Records provided Block Start

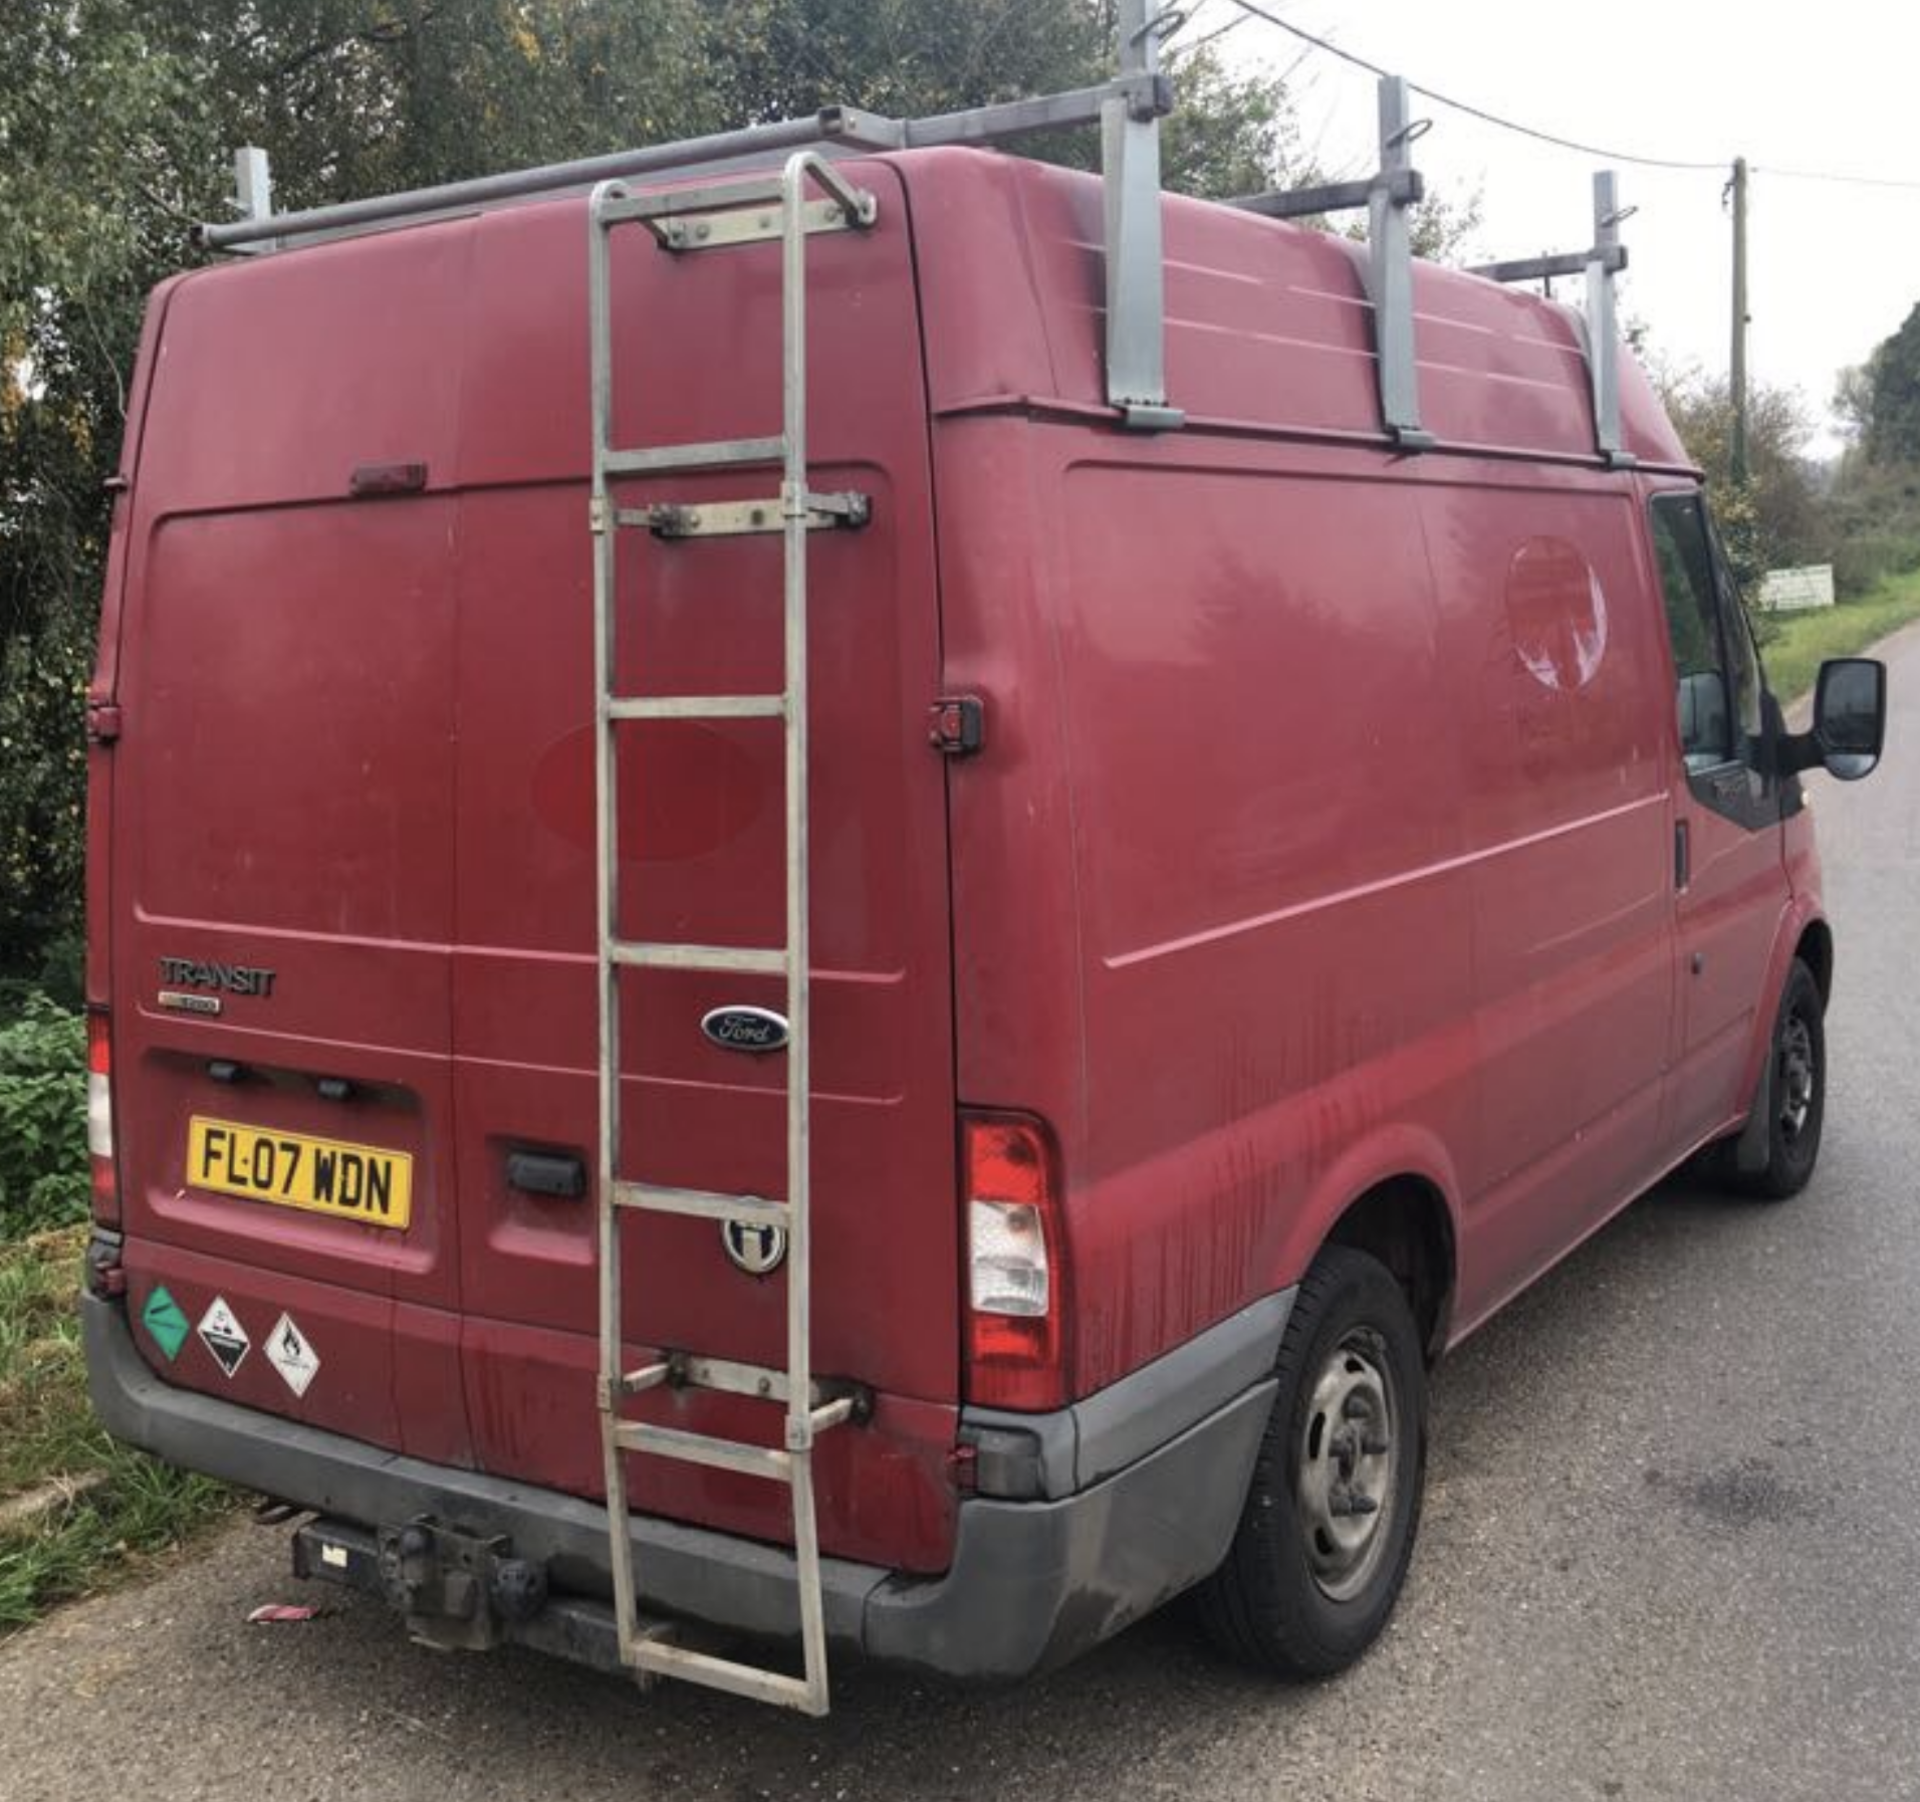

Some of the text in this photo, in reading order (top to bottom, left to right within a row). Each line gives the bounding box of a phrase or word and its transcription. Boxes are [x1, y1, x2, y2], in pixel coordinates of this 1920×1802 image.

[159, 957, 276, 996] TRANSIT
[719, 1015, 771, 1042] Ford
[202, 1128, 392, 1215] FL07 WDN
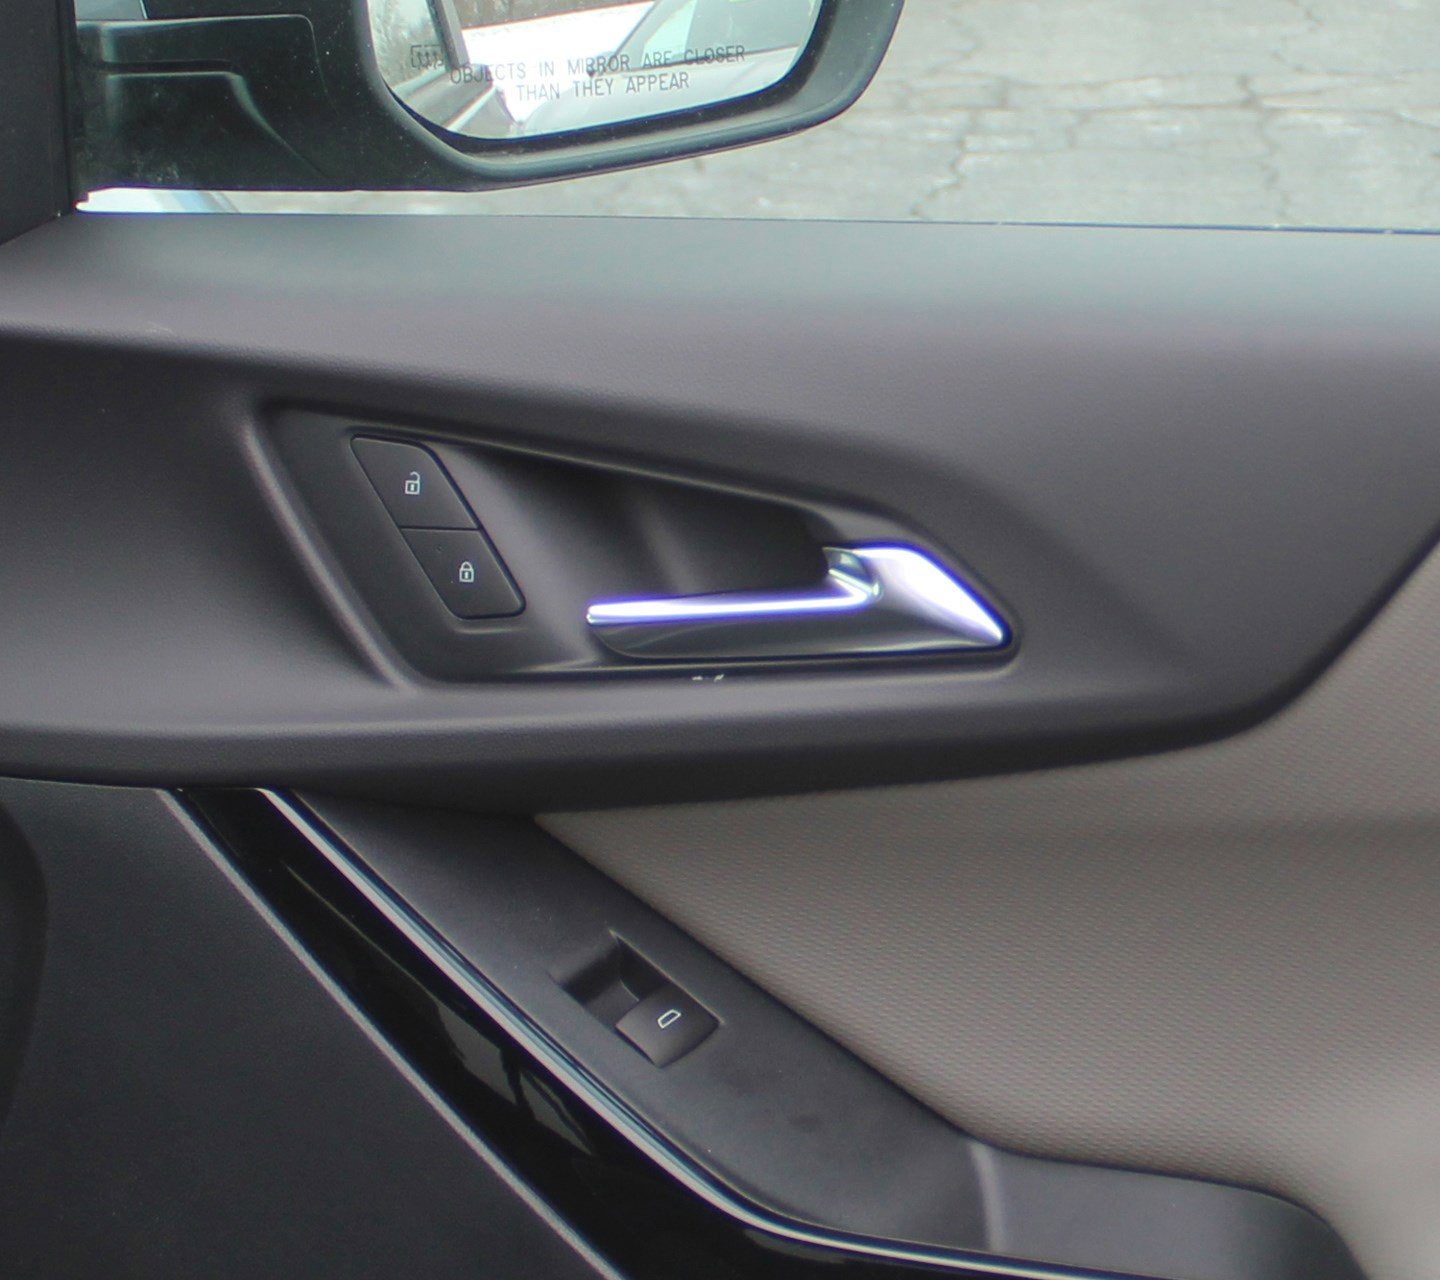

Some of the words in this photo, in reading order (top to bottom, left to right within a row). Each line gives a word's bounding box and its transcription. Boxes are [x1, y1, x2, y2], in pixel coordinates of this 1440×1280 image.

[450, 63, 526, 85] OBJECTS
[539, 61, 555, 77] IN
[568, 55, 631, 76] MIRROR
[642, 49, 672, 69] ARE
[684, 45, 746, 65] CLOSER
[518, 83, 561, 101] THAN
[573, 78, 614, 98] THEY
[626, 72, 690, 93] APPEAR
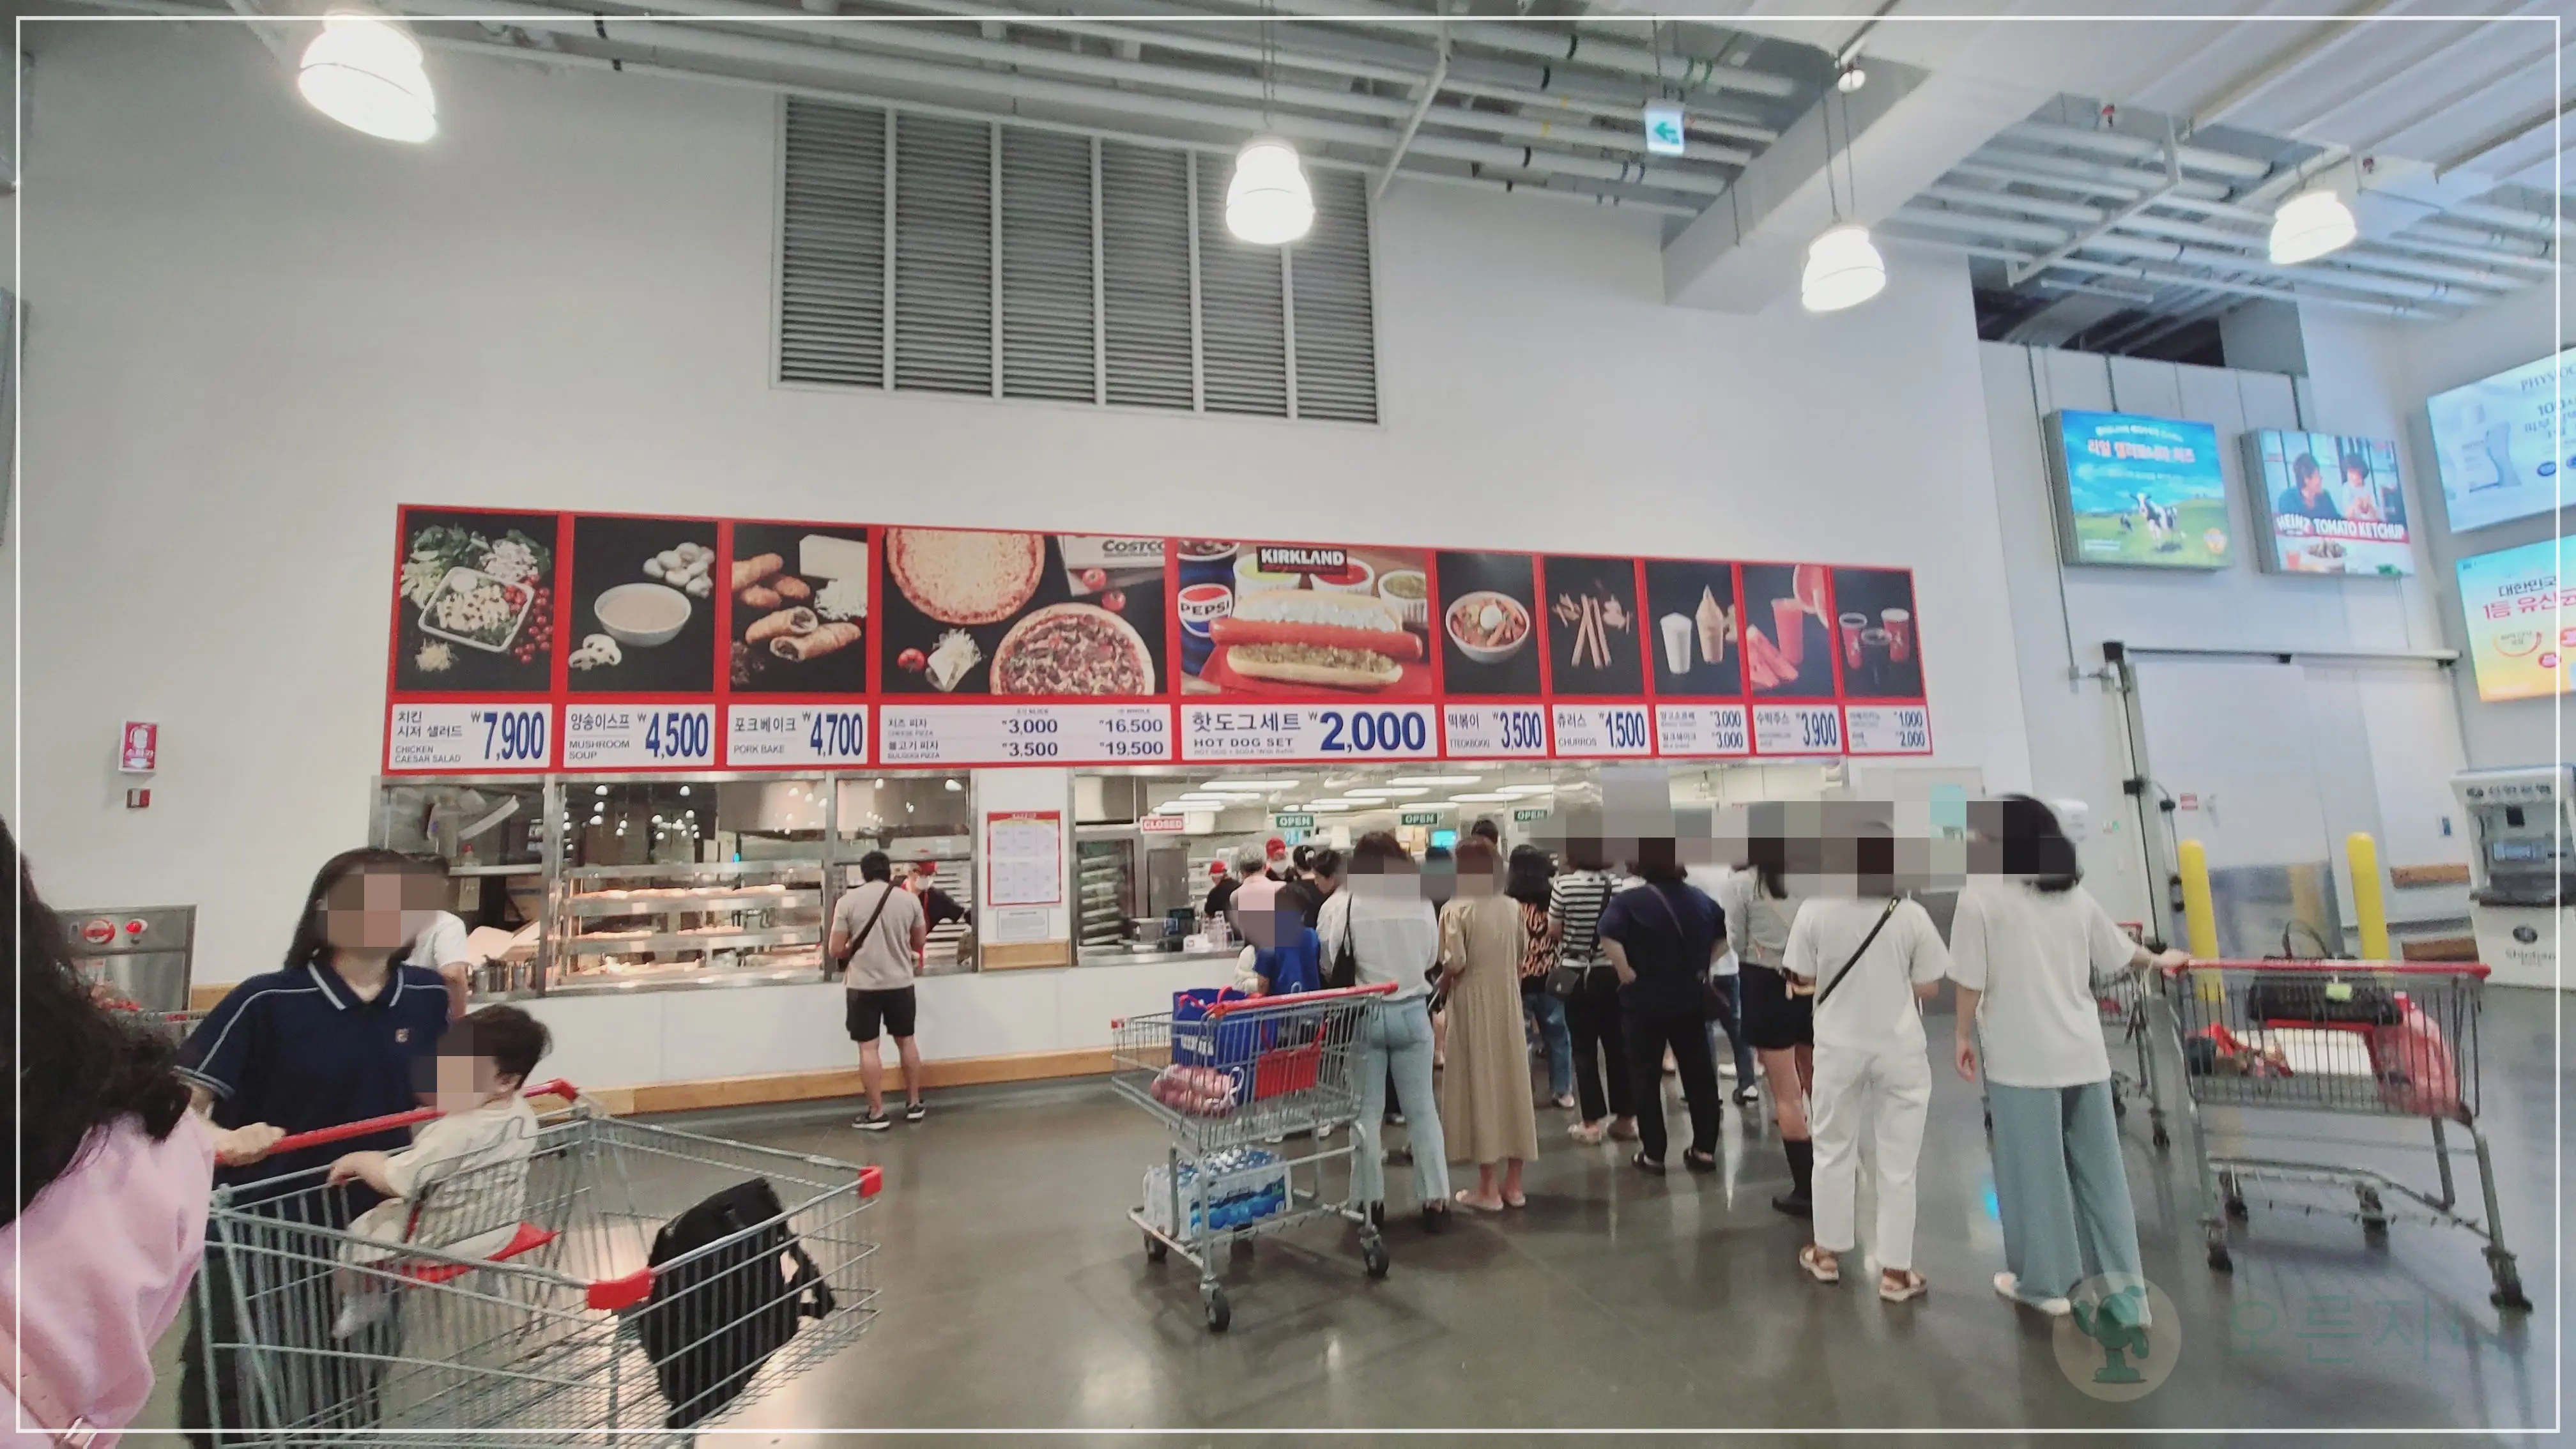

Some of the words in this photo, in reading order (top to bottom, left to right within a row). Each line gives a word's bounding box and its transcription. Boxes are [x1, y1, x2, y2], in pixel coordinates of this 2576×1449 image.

Records provided Block End

(Required action):
Return every entry above exactly as written, with no pictures included.

(Written response):
Some of the text in this photo, in reading order (top to bottom, left to right within a row). Each line gives the bounding box of a phrase or word and its transcription. Boxes are [x1, y1, x2, y2], in pixel coordinates of this 1920×1802 image.

[159, 957, 276, 996] TRANSIT
[719, 1015, 771, 1042] Ford
[202, 1128, 392, 1215] FL07 WDN

Some of the words in this photo, in reading order (top to bottom, left to right within a row). Each line gives a word's bounding box and its transcription. Boxes are [x1, y1, x2, y2], in pixel coordinates of this 1440×1280 image.

[450, 63, 526, 85] OBJECTS
[539, 61, 555, 77] IN
[568, 55, 631, 76] MIRROR
[642, 49, 672, 69] ARE
[684, 45, 746, 65] CLOSER
[518, 83, 561, 101] THAN
[573, 78, 614, 98] THEY
[626, 72, 690, 93] APPEAR

Some of the words in this photo, in reading order (top to bottom, left to right within a row). Each line gives a word's bounding box and its transcription. Boxes are [x1, y1, x2, y2], in pixel coordinates of this 2576×1449 image.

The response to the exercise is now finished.